Former Police Officer Admits Role in Multimillion-Dollar Compounded Prescription Drug Scheme
NEWARK, N.J. – A former police officer with the North Brunswick police department today admitted his role in a multimillion-dollar scheme that defrauded state health benefits programs through the submission of medically unnecessary prescriptions for compounded medications, Acting U.S. Attorney Rachael A. Honig announced.
Daniel Passafiume, 45, of Monroe, New Jersey, pleaded guilty by videoconference before U.S. District Judge Michael A. Shipp to an information charging him with conspiring to commit health care fraud.
According to documents filed in this case and statements made in court:
Between January 2014 and November 2016, Passafiume and a conspirator, identified as CC-1 in the information, marketed certain prescription “compounded medications,” including vitamins and pain creams, to beneficiaries of New Jersey state insurance plans, including the State Health Benefits Program (SHBP). These insurance plans paid thousands of dollars for compounded medications, which are specialty medications mixed by a pharmacist to meet the specific medical needs of an individual patient. Although compounded drugs are not approved by the Food and Drug Administration (FDA), they are properly prescribed when a physician determines that an FDA-approved medication does not meet the health needs of a particular patient because, for example, the patient is allergic to a dye or other ingredient or requires the medication in a different form.

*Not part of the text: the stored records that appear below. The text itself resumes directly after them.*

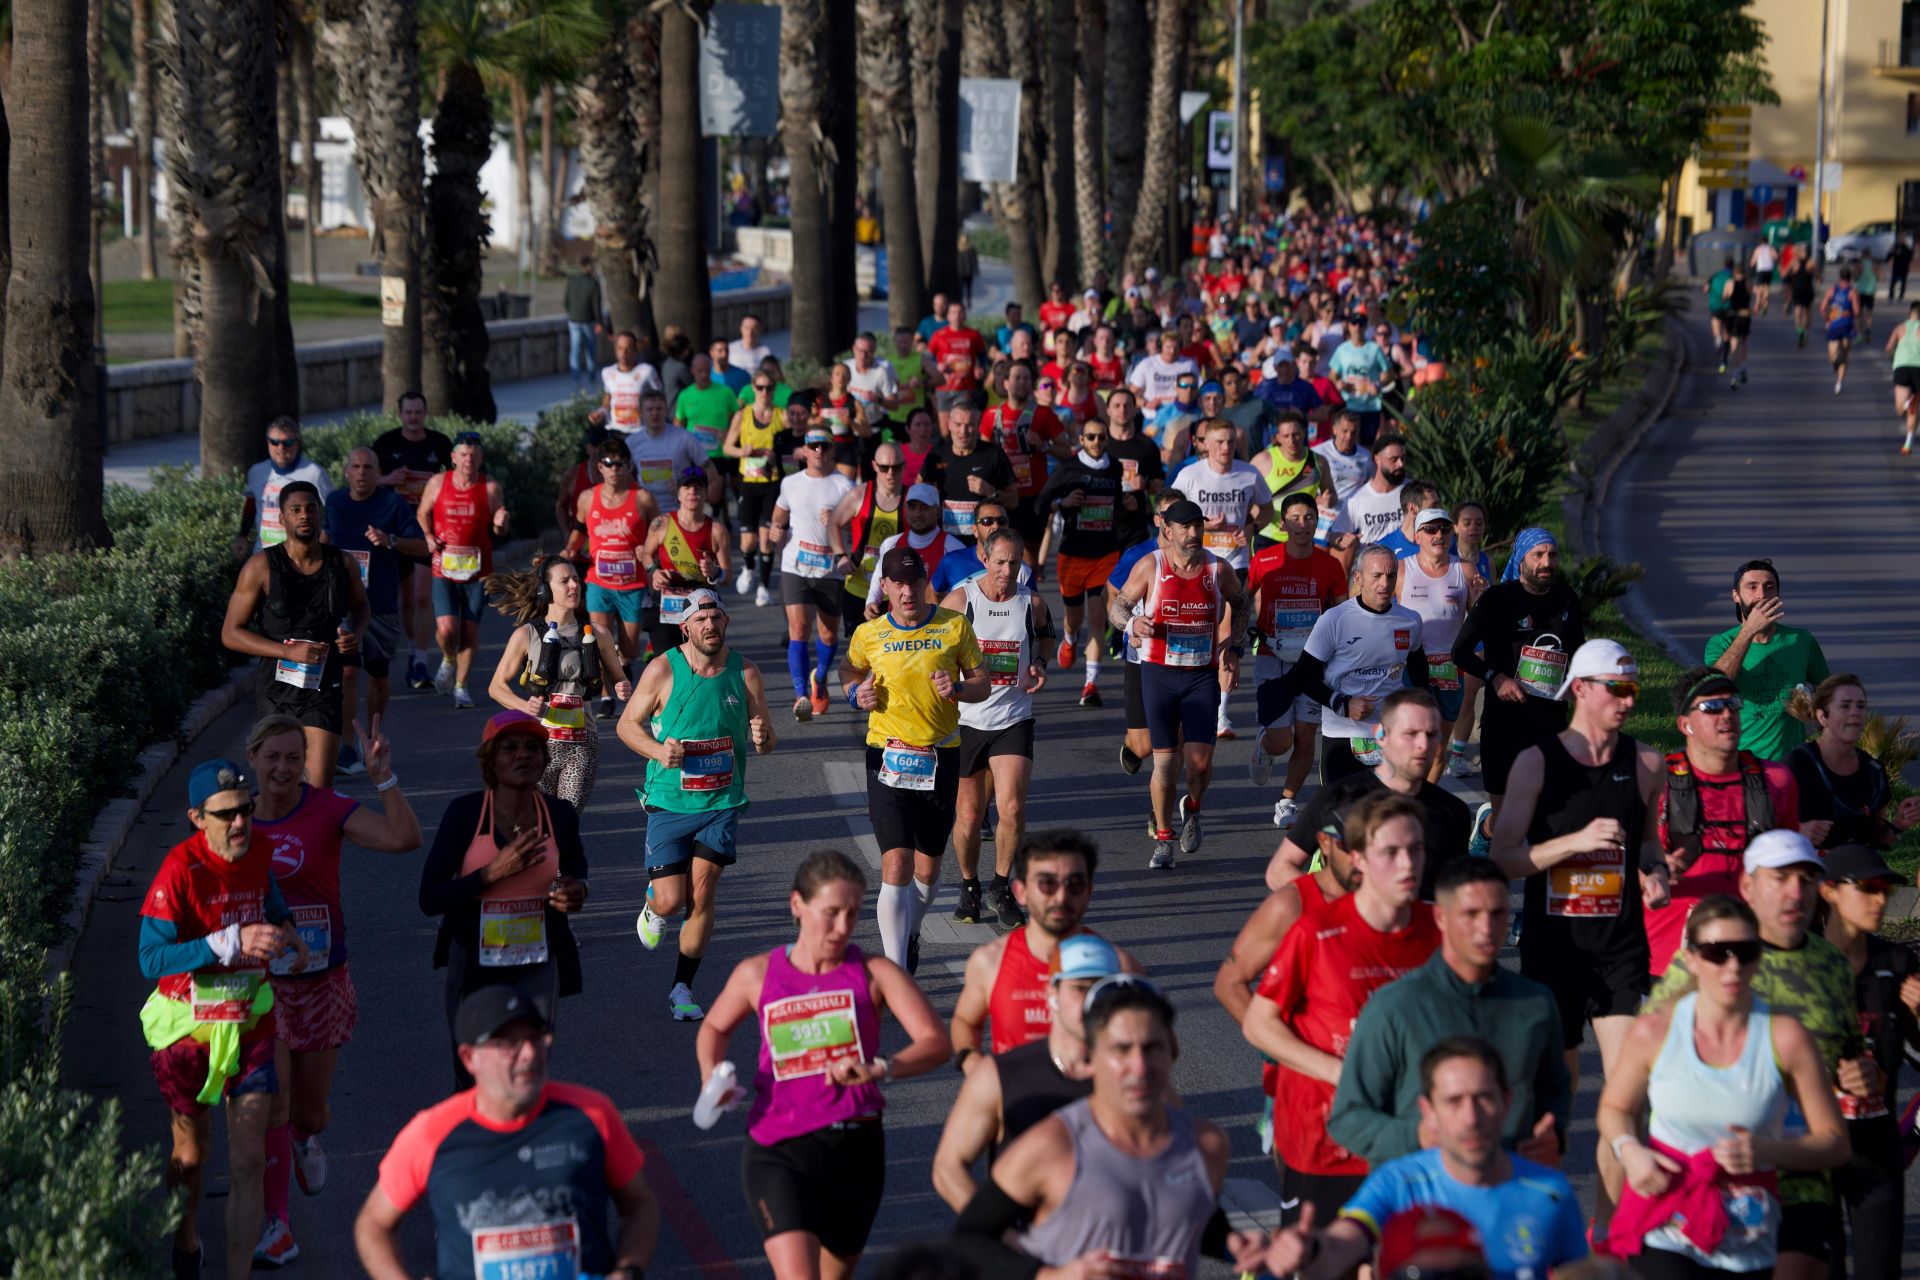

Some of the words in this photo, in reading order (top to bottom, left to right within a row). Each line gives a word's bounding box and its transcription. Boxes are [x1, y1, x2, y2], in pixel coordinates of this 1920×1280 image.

[1199, 489, 1245, 502] CrossFit
[1364, 509, 1403, 525] CrossF
[1285, 614, 1312, 622] 15234
[884, 639, 942, 652] SWEDEN
[698, 757, 722, 767] 1998
[893, 755, 925, 768] 16042

Passafiume and his conspirator had agreements with pharmacies to collect large commission payments for each prescription they obtained for the pharmacy. Passafiume and CC-1 found individuals with these insurance plans and connected them with doctors who were willing to sign prescriptions without an examination or a determination that the individuals needed the compounded medications. Those recruited to obtain prescriptions included employees of a New Jersey police department, family members of these employees, and Passafiume’s own family members. At times, Passafiume provided beneficiaries with cash, checks, and gift cards for agreeing to obtain these prescriptions.
The conspiracy charge carries a maximum potential penalty of 10 years in prison and a fine of $250,000 fine, or twice the gain or loss from the offense, whichever is greater. As part of his plea agreement, Passafiume must forfeit $284,659 in criminal proceeds and pay restitution of $3.27 million. Sentencing is scheduled for July 12, 2021.
Acting U.S. Attorney Honig credited special agents of the FBI, under the direction of Special Agent in Charge George M. Crouch Jr. in Newark, with the investigation leading to today’s guilty plea.
The government is represented by Senior Trial Counsel Leslie Faye Schwartz of the Special Prosecutions Division and Assistant U.S. Attorney Osmar J. Benvenuto of the Health Care Fraud Unit in Newark.